Problem description -> Write out the records again exactly and exclude the pictures.

Input data ->
>>>

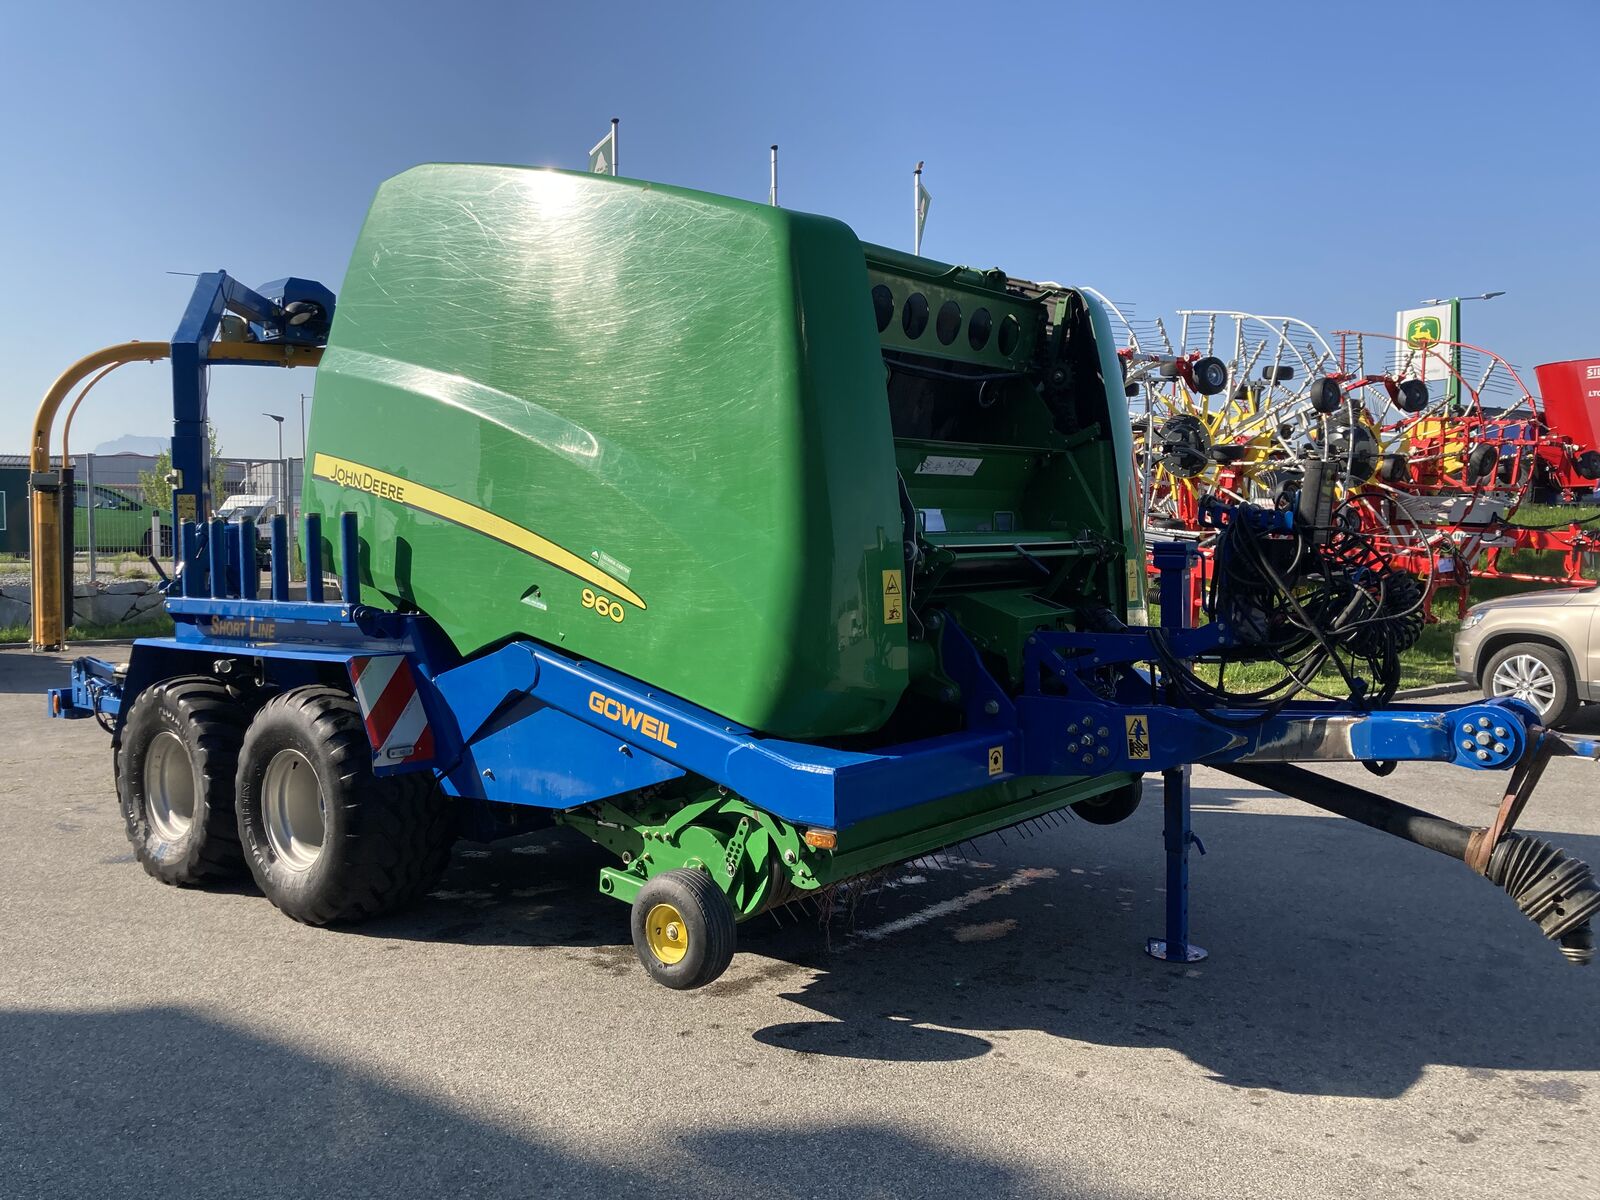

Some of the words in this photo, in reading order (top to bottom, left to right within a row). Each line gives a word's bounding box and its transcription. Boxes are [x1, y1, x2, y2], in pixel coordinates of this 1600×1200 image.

[330, 464, 362, 488] JOHN
[363, 473, 405, 501] DEERE
[581, 588, 625, 623] 960
[211, 615, 246, 636] SHORT
[249, 617, 275, 638] LINE

<<<

Final answer ->
Some of the words in this photo, in reading order (top to bottom, left to right within a row). Each line gives a word's bounding box and its transcription. Boxes are [x1, y1, x2, y2], in pixel coordinates of this 1600×1200 image.

[330, 464, 362, 488] JOHN
[363, 473, 405, 501] DEERE
[581, 588, 625, 623] 960
[211, 615, 246, 636] SHORT
[249, 617, 275, 638] LINE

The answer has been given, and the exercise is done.